Presented by Alfons van Gulick at the ESA Annual Meeting 2014 Murcia, Spain, 2014

Since 1983 we have seen 4 bull markets and 3 bear markets. Most of us are waiting for the 4

th bear market

to start rather sooner than later, but this is far from certain yet.

Black pepper prices have peaked during October 2011 at around the $7,400 per ton level, but hesitated to follow through with a downward trend. From January 2012 onward prices have been range bound at a lower level for some 16 months only to move up again during June-July 2013 to establish a new high at around $7,800 per ton. What has happened here and is this new push for higher prices justified? In other words “Why do pepper prices remain at the higher levels?” To answer this question we need to go back to basics first, which is the underlying supply and demand situation.

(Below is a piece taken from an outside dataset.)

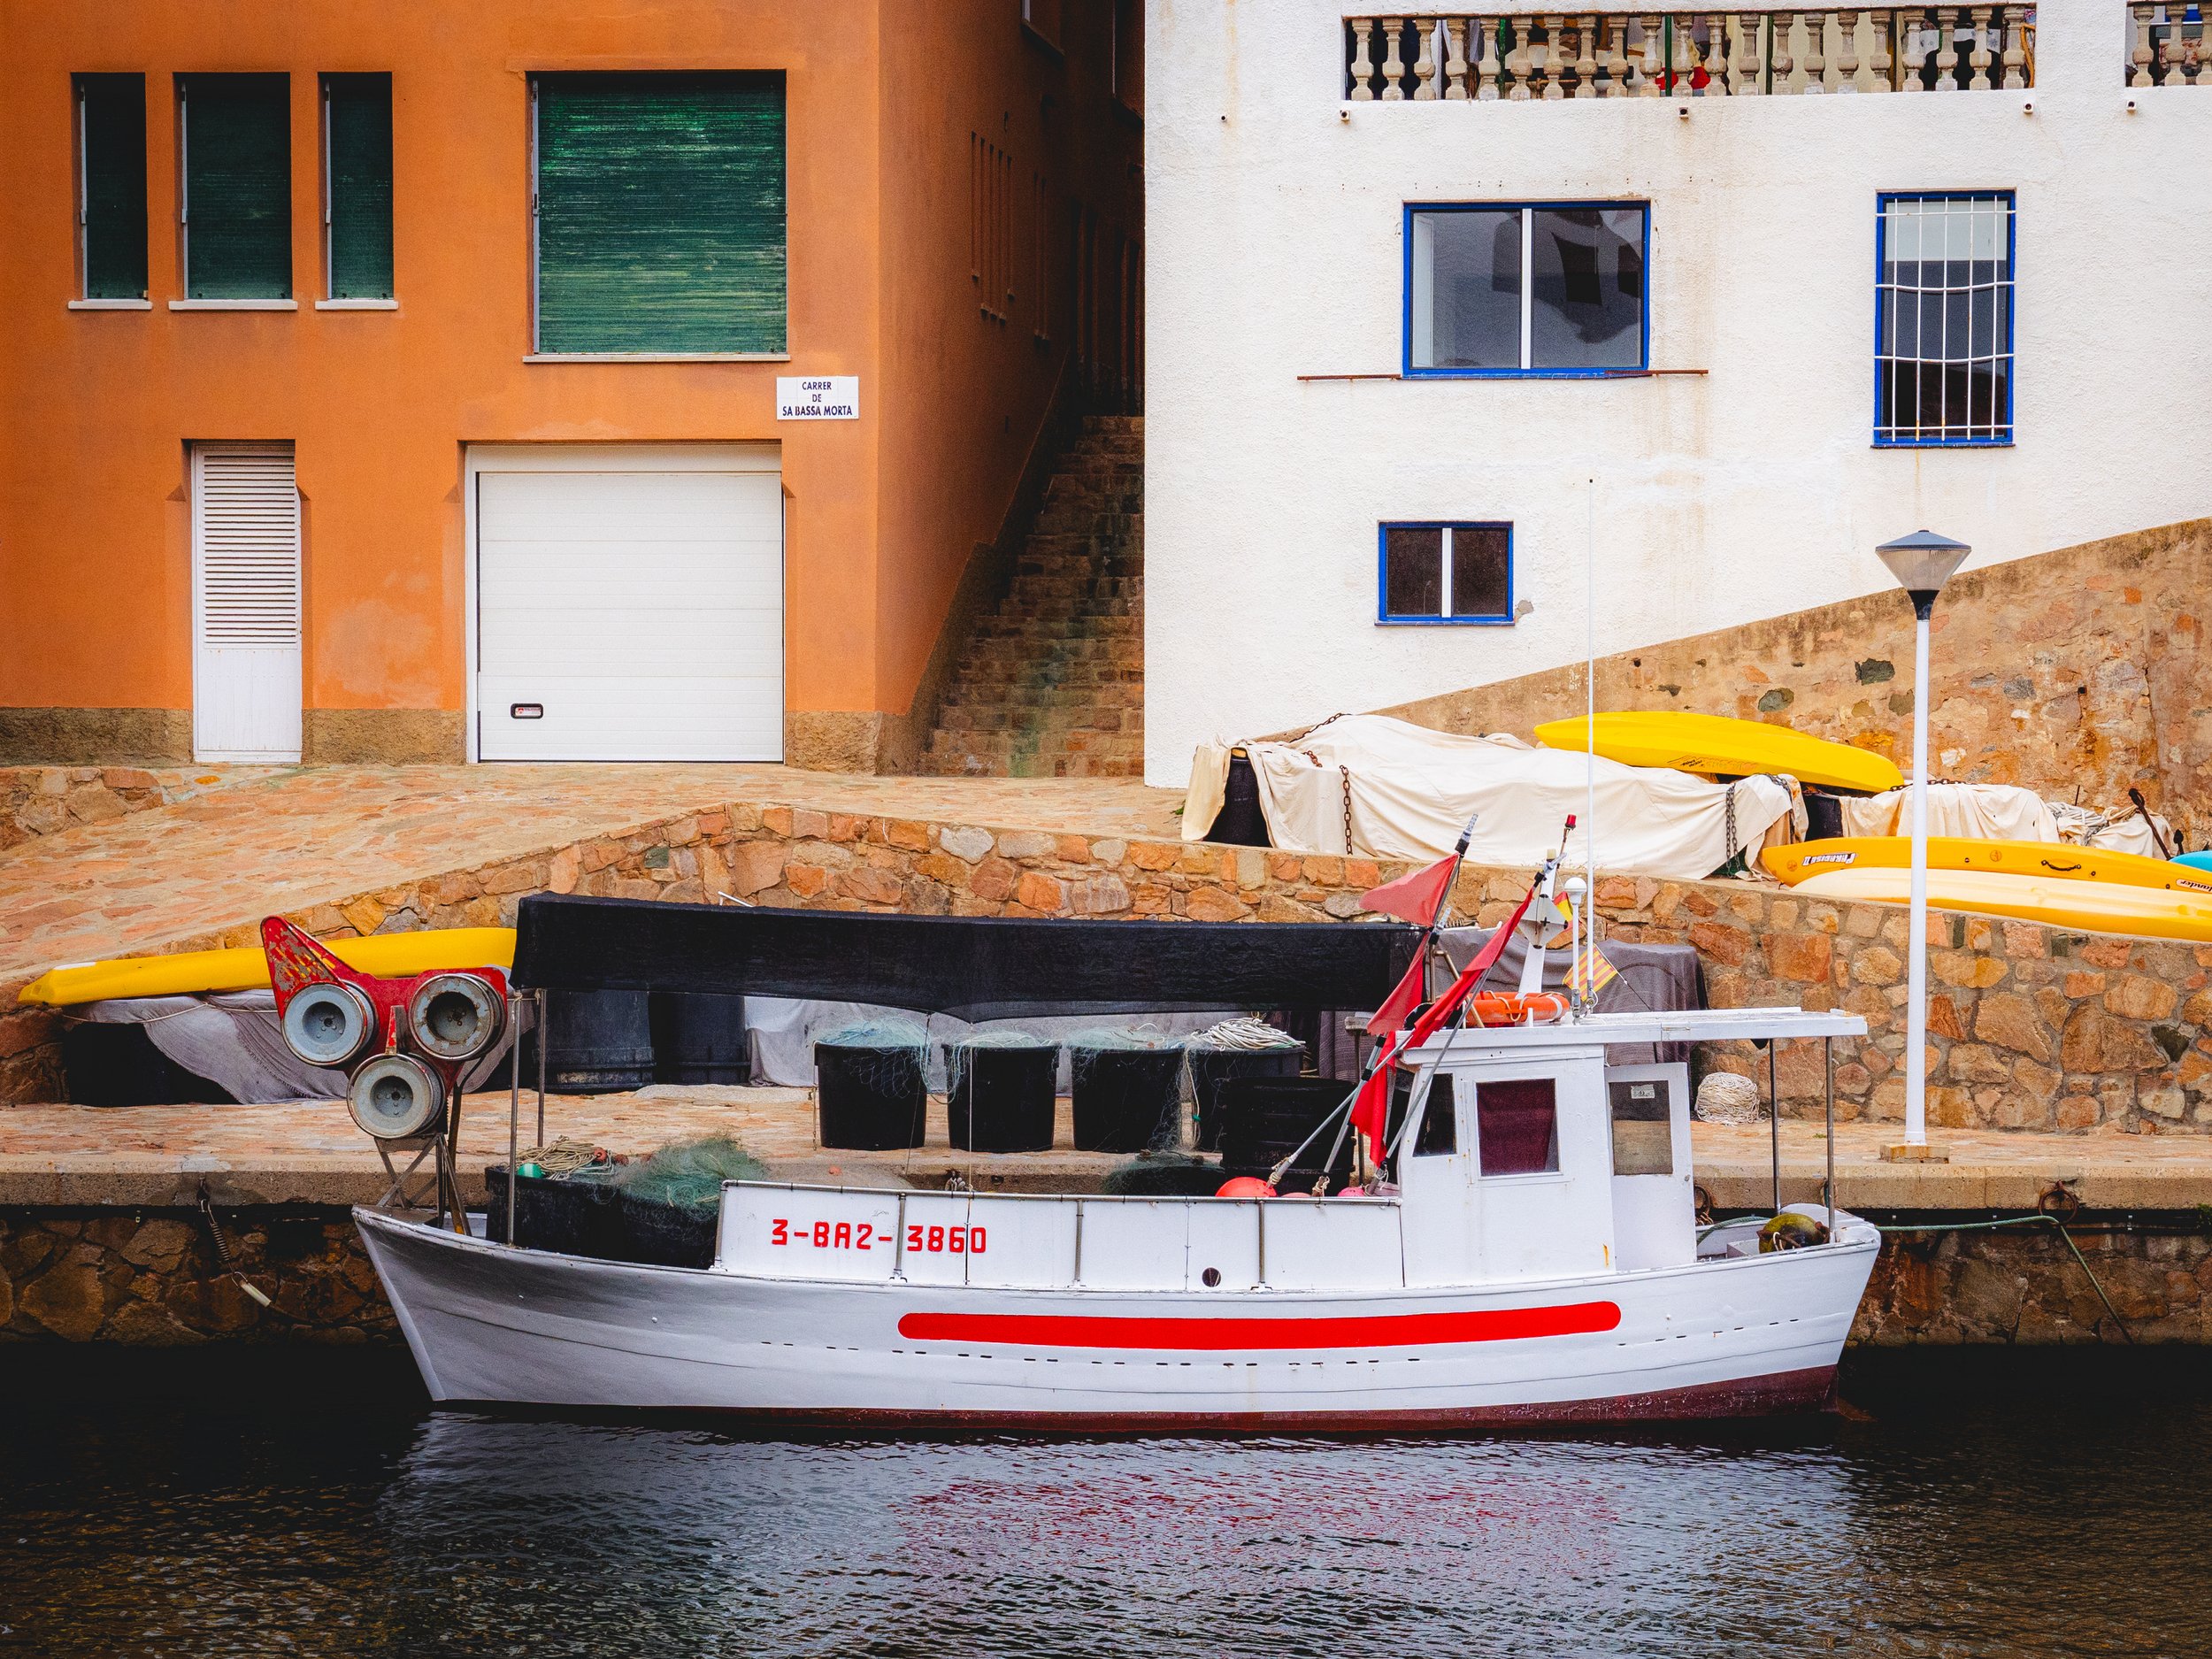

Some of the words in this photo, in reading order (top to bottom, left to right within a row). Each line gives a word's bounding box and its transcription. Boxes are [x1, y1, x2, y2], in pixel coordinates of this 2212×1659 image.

Since 2006 world production has been increasing steadily and is estimated at just over 400,000 tons for 2014. When compared to the start of the current price cycle in 2006 world production increased by approximately 64,000 tons or some 19%. So apparently the higher prices did motivate farmers to produce more pepper. However, when looking at the individual producing countries we can see significant differences. Indonesia hardly increased its production when compared to 2006. In fact production decreased significantly and is one of

the factors why pepper prices started to increase from 2006 onwards. Only from 2012 onwards production moved back to just above the 2006 level and is now estimated at around 60,000 tons for black and white together. In general the area under cultivation in Indonesia is fairly stable, but yields can fluctuate significantly due to weather circumstances.

India produced 60,000 tons in 2006 and today is estimated at 45,000 tons.

Brazil was at 50,000 tons in 2006 and currently only turns out some 40,000 tons.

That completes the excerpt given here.